Mannheim. „Wir wollen niemandem Angst vor dem Klimawandel machen, sondern wir wollen helfen, damit konstruktiv umzugehen. Jahrelang wurde Klimaschutz betrieben. Jetzt muss dringend Klimaanpassung hinzukommen.“ Das betont Sven Schneider, Professor an der Medizinischen Fakultät Mannheim der Universität Heidelberg, der mit anderen Forschenden sowie mit dem Deutschen Olympischen Sportbund (DOSB) und dem Verein Deutsche Allianz Klimawandel und Gesundheit klug federführend einen Musterhitzeschutzplan für den organisierten Sport erarbeitet hat.
Dieser wird am 4. Juni im Rahmen des nationalen Hitzeaktionstages als Bundesempfehlung vom Bundesgesundheitsministerium vorgestellt.

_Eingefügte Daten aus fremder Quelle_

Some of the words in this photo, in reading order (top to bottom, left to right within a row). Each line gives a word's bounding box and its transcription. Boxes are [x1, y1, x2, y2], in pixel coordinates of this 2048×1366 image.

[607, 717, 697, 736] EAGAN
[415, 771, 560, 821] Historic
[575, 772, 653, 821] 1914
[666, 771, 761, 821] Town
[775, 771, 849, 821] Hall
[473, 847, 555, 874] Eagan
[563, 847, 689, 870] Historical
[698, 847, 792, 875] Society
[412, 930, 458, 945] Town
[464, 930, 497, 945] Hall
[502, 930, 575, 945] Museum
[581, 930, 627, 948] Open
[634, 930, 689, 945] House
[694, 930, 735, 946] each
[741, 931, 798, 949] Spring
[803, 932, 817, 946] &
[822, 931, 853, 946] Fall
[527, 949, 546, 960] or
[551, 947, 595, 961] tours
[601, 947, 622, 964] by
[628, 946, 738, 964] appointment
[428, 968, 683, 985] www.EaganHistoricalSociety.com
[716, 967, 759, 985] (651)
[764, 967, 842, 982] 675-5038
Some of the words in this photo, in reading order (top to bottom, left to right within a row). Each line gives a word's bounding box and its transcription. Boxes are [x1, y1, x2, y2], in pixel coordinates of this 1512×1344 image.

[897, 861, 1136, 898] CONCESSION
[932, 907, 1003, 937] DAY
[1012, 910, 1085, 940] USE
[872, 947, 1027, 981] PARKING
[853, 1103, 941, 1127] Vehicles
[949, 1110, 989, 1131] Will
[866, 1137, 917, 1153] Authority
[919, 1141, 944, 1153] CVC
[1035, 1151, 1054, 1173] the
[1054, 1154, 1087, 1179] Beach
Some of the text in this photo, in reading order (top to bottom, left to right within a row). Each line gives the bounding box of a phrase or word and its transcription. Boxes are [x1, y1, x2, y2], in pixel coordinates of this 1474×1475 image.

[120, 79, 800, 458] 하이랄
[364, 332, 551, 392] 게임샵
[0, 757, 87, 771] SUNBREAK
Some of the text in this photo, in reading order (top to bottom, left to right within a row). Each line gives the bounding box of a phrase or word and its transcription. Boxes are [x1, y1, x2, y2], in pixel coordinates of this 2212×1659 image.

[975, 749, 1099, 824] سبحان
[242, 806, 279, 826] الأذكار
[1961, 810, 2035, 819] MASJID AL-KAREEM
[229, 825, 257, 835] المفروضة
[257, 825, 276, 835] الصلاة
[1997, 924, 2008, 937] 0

Beteiligt an der Erstellung des Musterhitzeschutzplans waren auch Sportler, Trainer und ärztliches Personal. Im Interview mit dieser Redaktion berichtet der Wissenschaftler, was es mit der Bundesempfehlung auf sich hat und welche Handreichung er bietet.
Herr Schneider, wie wichtig ist es, dass sich der organisierte Sport darüber Gedanken macht, welche Auswirkungen Hitze auf die Sportler hat?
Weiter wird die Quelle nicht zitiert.